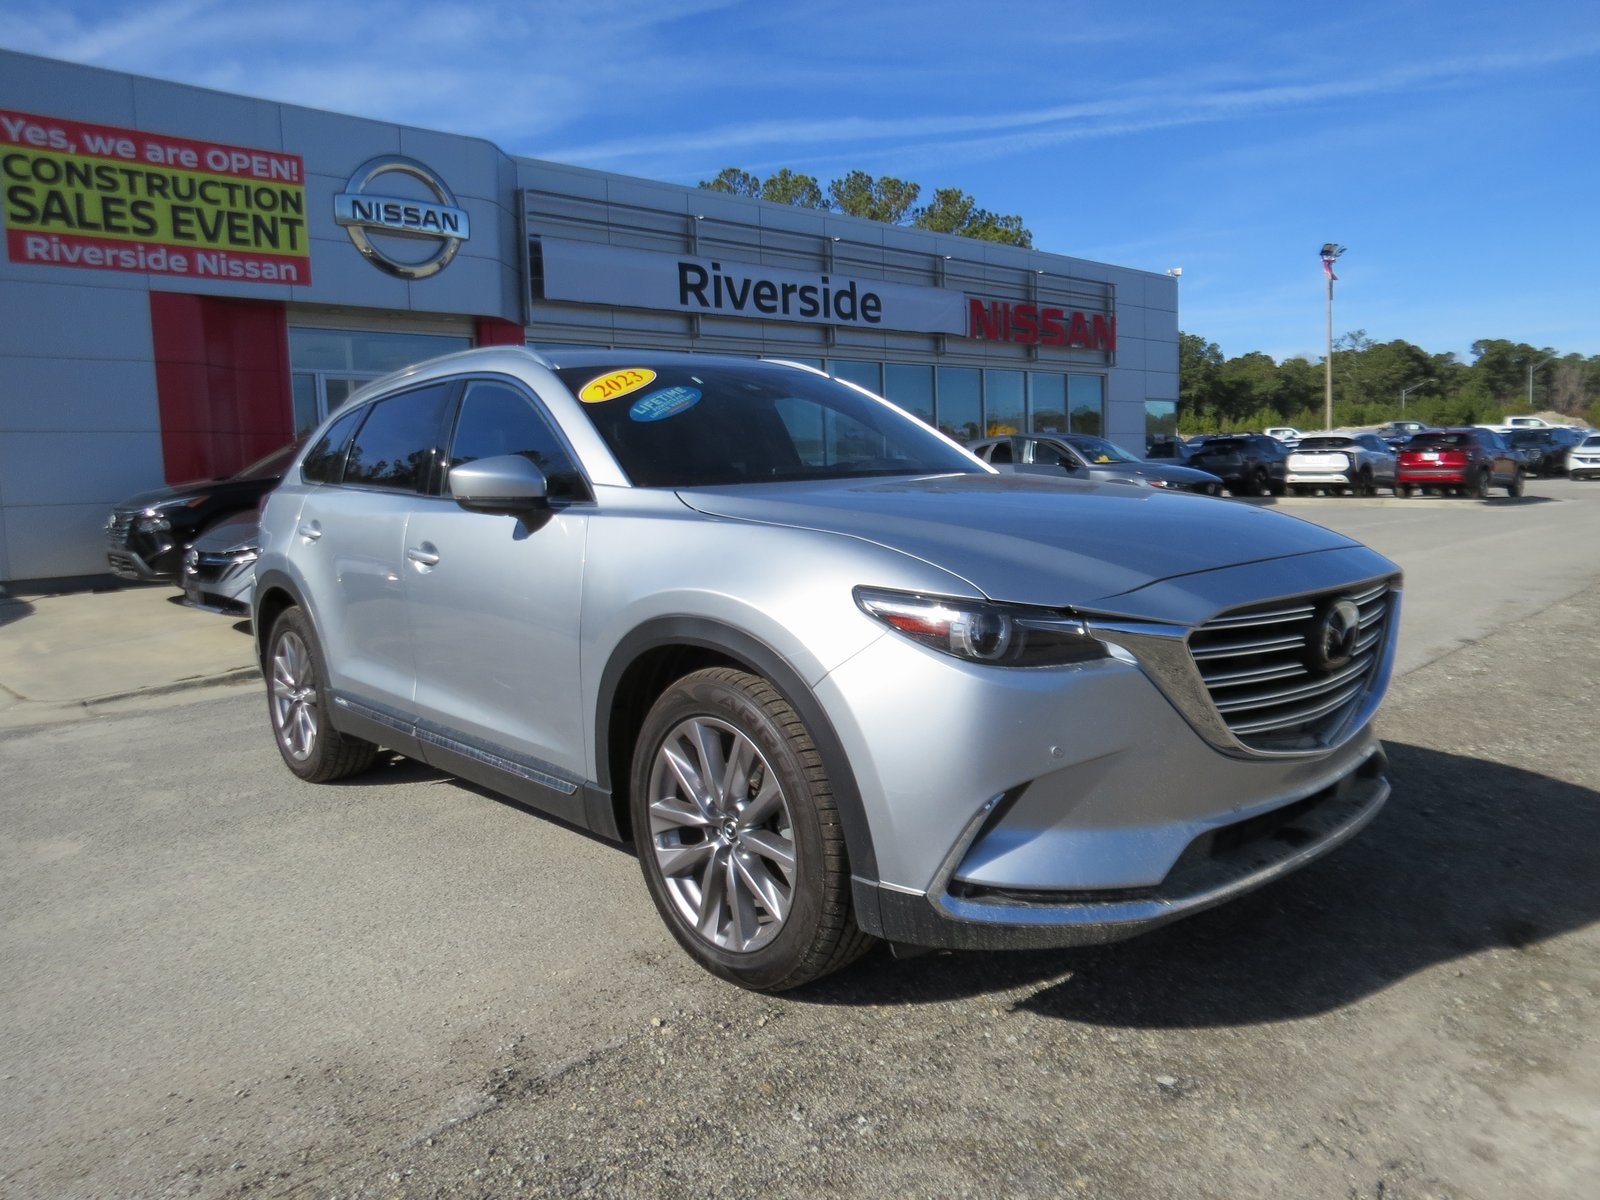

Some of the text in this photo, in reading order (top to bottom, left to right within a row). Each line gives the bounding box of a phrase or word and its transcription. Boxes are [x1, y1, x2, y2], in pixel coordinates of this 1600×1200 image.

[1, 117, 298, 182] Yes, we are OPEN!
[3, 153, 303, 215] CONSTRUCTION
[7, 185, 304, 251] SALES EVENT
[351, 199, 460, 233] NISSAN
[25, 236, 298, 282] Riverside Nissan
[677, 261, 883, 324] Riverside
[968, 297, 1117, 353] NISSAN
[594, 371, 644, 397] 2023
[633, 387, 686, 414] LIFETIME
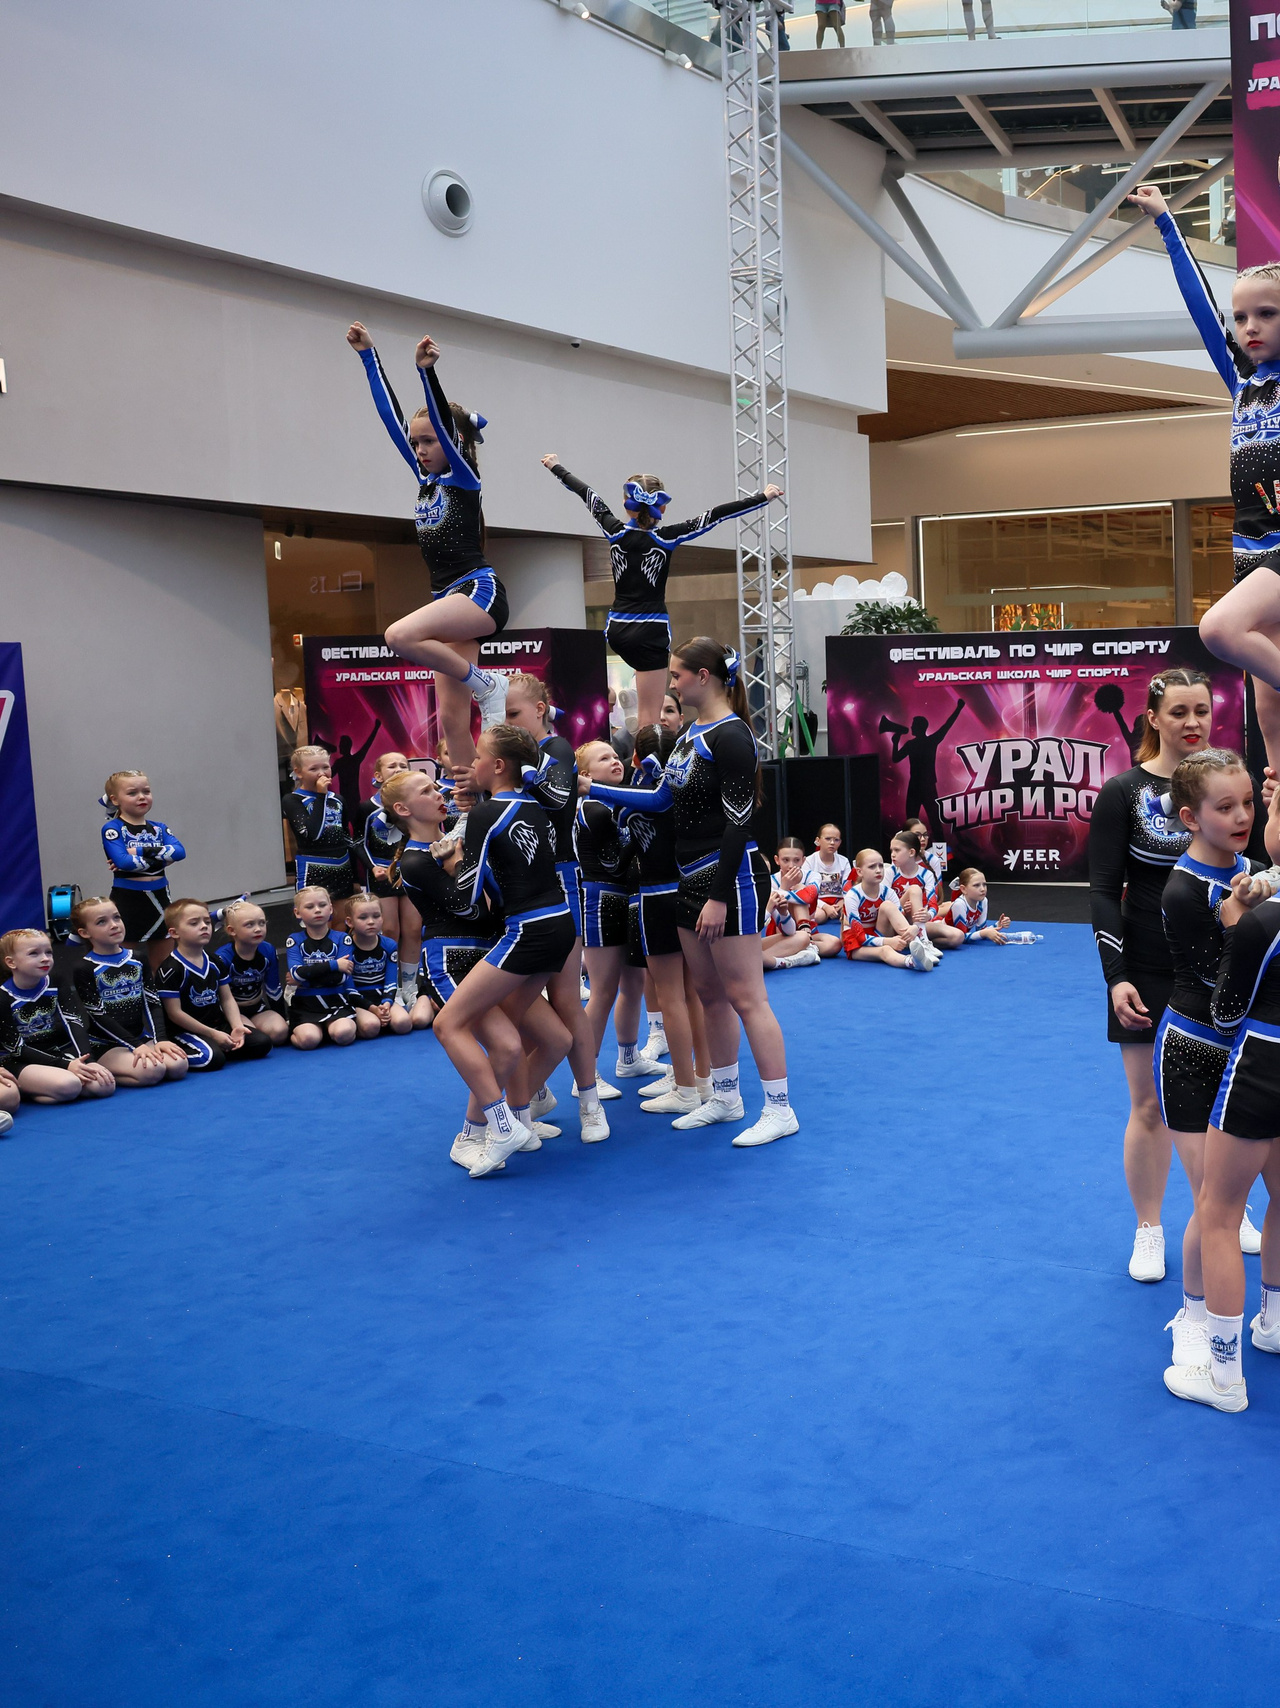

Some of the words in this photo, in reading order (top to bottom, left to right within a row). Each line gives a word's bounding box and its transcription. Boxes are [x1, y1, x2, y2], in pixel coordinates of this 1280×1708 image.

####

With the pictures omitted, reproduce the data above exactly.

(ANSWER BOX)
Some of the text in this photo, in reading order (top to bottom, left to right within a row). Each line gives the bounding box of a phrase or word and its transcription. Boxes are [x1, y1, x2, y2], in pixel coordinates of this 1600×1200 image.

[1, 117, 298, 182] Yes, we are OPEN!
[3, 153, 303, 215] CONSTRUCTION
[7, 185, 304, 251] SALES EVENT
[351, 199, 460, 233] NISSAN
[25, 236, 298, 282] Riverside Nissan
[677, 261, 883, 324] Riverside
[968, 297, 1117, 353] NISSAN
[594, 371, 644, 397] 2023
[633, 387, 686, 414] LIFETIME

Some of the words in this photo, in reading order (top to bottom, left to right within a row). Each line gives a word's bounding box and its transcription. Boxes are [x1, y1, x2, y2], in pixel coordinates of this 1280×1708 image.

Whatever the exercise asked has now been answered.